The Prestige is based on a 1995 fantasy novel of the same name, written by Christopher Priest. The film has intense emotions and madness. It talks about trusting your partners, being loyal to them, and being honest towards being magicians. Instead of being worthy of success, being stubborn to get success can have terrible fallouts. In The Prestige film review, we will explore the obsession of the two magicians, their sacrifices and the unfair means they use to win the rat race. 

“Never show anyone. They’ll beg you and they’ll flatter you for the secret, but as soon as you give it up… you’ll be nothing to them.”

Summary – The Three Acts

“A cipher, an enigma, a search, a search for answers.” 

The scene opens and the first thing we see is dozens of hats dumped in the open. It fades into the next scene, where John Cutter is presenting magic to a young girl, who turns out to be Alfred Borden’s daughter later on. While John is presenting the magic to her, he tells her about the three acts of a magic trick – the Pledge, the Turn and the Prestige. Alongside, we see Robert Angier performing on stage while Borden is trying to unravel the trick behind Angier’s magic.
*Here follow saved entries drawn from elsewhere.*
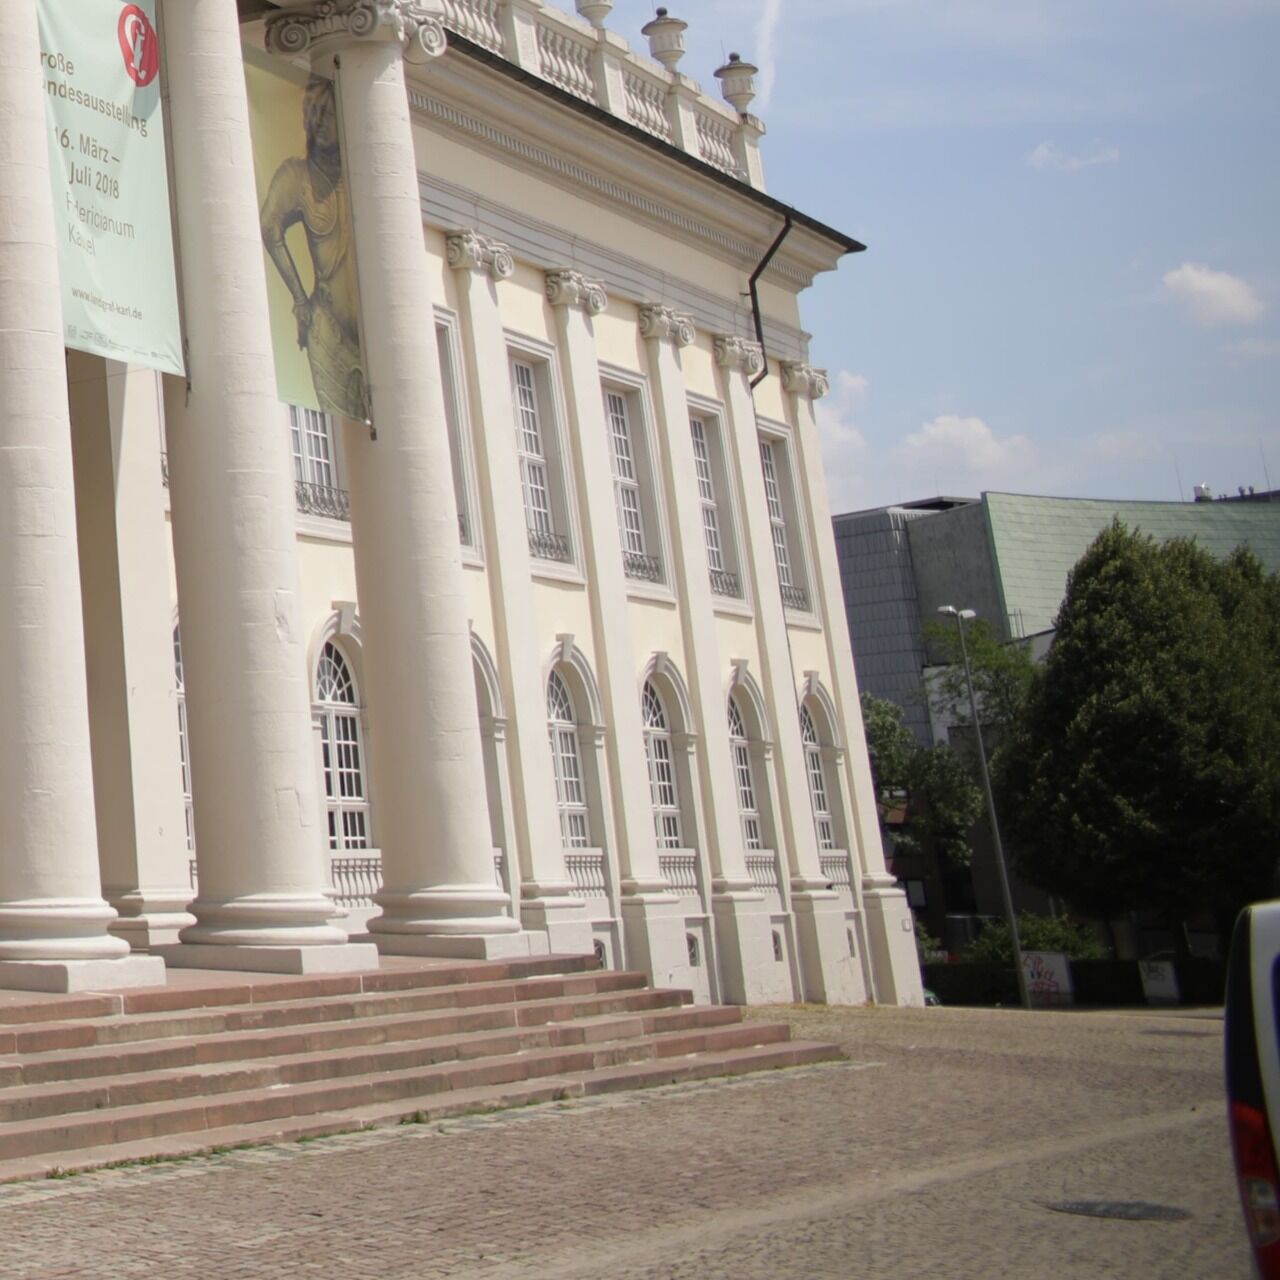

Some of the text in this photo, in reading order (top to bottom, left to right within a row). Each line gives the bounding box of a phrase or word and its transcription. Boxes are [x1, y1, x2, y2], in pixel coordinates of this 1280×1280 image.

[40, 51, 74, 75] roße
[80, 133, 108, 163] März
[69, 161, 119, 199] Juli 2018
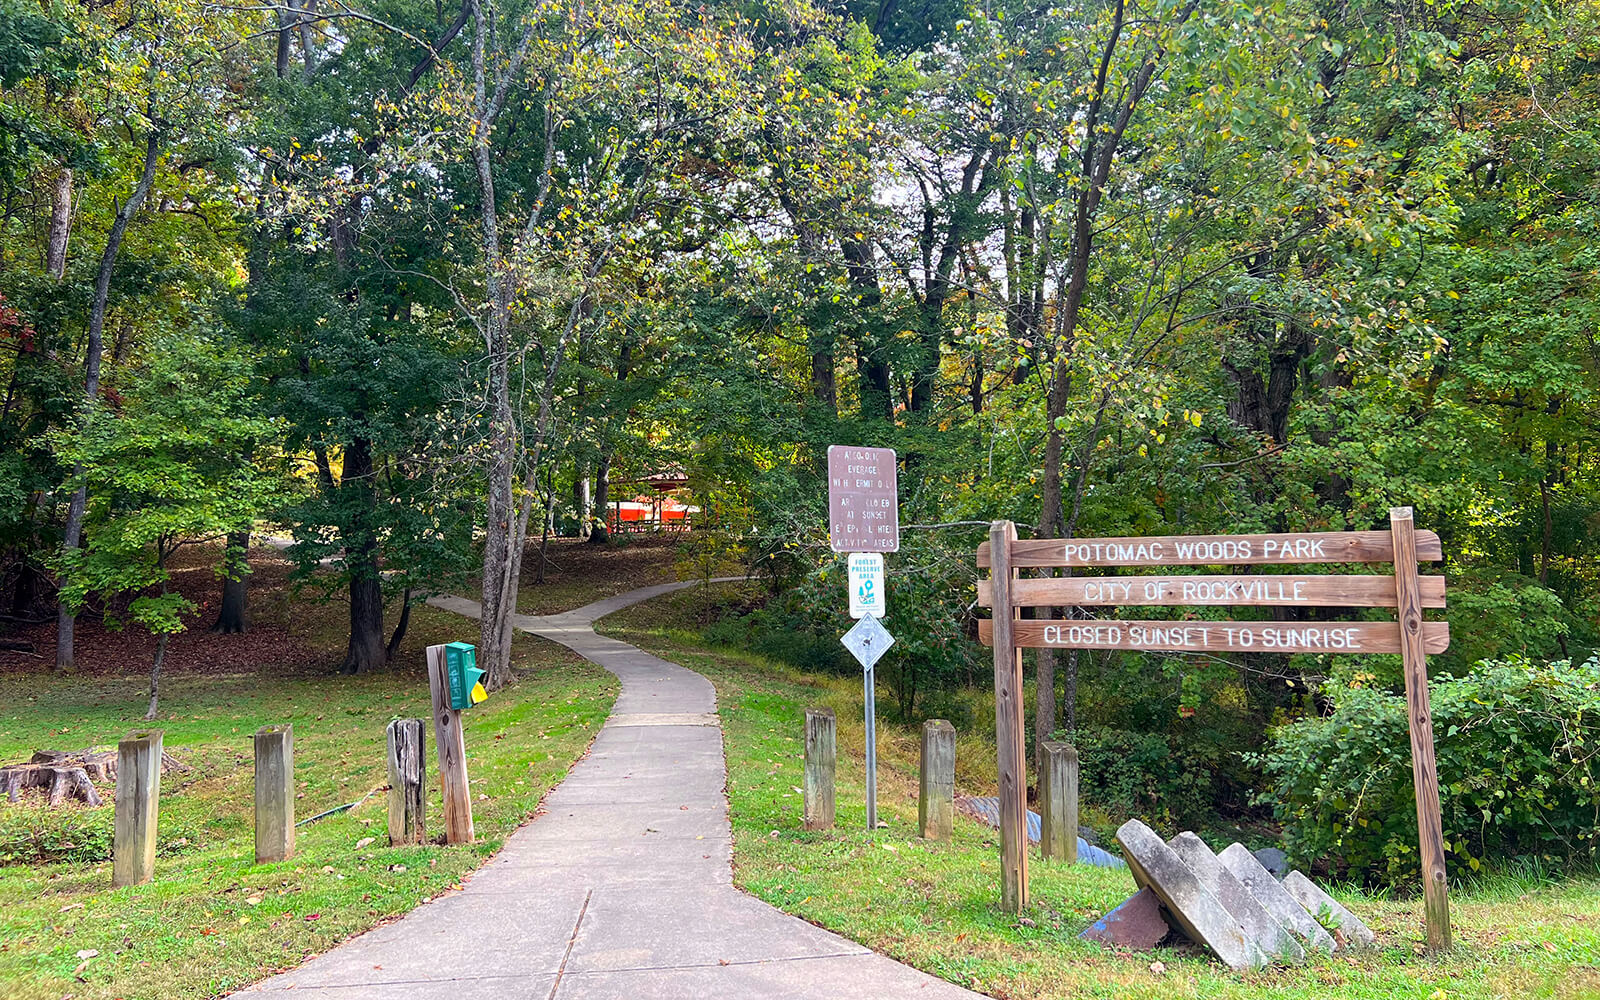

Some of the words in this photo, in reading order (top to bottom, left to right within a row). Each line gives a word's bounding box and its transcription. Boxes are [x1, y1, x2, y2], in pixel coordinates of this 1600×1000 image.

[832, 478, 849, 488] WIH
[862, 510, 887, 520] SUNSET
[1064, 542, 1164, 562] POTOMAC
[1175, 540, 1251, 560] WOODS
[1264, 538, 1326, 559] PARK
[1084, 581, 1132, 601] CITY
[1144, 581, 1170, 600] OF
[1182, 581, 1308, 602] ROCKVILLE
[1043, 625, 1122, 645] CLOSED
[1129, 626, 1211, 647] SUNSET
[1223, 627, 1254, 647] TO
[1262, 628, 1361, 649] SUNRISE
Next, we see the hearing of Borden. Cutter tells the court that the tank in which Angier fell and drowned was placed there by Alfred Borden and that it was not a part of the act. A man called Owens comes to meet Borden in jail and offers him five thousand pounds and a good future for his daughter in exchange for his magic tricks, especially the trick behind the Transported man. Borden refuses. Later he reads the diary that Owens has given him, written by Angier.
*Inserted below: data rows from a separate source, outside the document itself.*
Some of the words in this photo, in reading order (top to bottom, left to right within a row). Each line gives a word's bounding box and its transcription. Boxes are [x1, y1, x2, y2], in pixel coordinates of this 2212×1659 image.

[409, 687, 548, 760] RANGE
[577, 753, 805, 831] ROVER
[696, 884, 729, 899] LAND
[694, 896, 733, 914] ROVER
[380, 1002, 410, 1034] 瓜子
Angier and Borden both worked under John Cutter, an engineer who constructed illusions and instruments for stage magic. During a water tank act, Angier’s wife Julia, who sinks in the water and is supposed to untie her wrists and come out, fails to do so and dies by drowning. Angier accuses Borden of tying the knot differently so Julia couldn’t untie it. Splitting thereon, Borden sets off to perform solo acts while Angier takes the stage and with Cutter’s help, goes on to build his career. 

Angier is filled with rage and to avenge Borden, he spoils his bullet catch trick and Borden loses his two fingers. Borden later develops a magic trick called “The Transported Man”. In this trick, two wardrobes were placed on the stage and Borden would enter in one wardrobe and come out of the other in no time. The audience was awed at this new trick and so was Angier. 

Angier wanted to understand his trick and the longer it took him to understand it, the more impatient he got. He could not stand Borden’s growing success. He sends his assistant Olivia to find out the trick, hires a double, kidnaps Fallon and even tries to offer money for the trick but Borden outsmarts him. It becomes Angier’s obsession to create a similar magic trick. 

Nicola Tesla’s machine finally helped him to create his own trick for the transported man, which let him go beyond the stage and transport across the theatre. He calls it “The Real Transported Man.” Though it seemed to be a successful act behind the scenes it was gruesome. Angier’s obsession became the cause of his failure, not on stage but his failure as a magician. 

The Unrestored Prestige

At the beginning of the Prestige film, John Cutter explains the three acts of a magic trick. He says that the first act is called The Pledge. In this act an apparently real situation is set up – the setting of the trick is revealed. It is followed by the next act called The Turn – where the setup is challenged. And finally comes the final part called The Prestige. In this part, the real magic happens and everything is restored back to normal.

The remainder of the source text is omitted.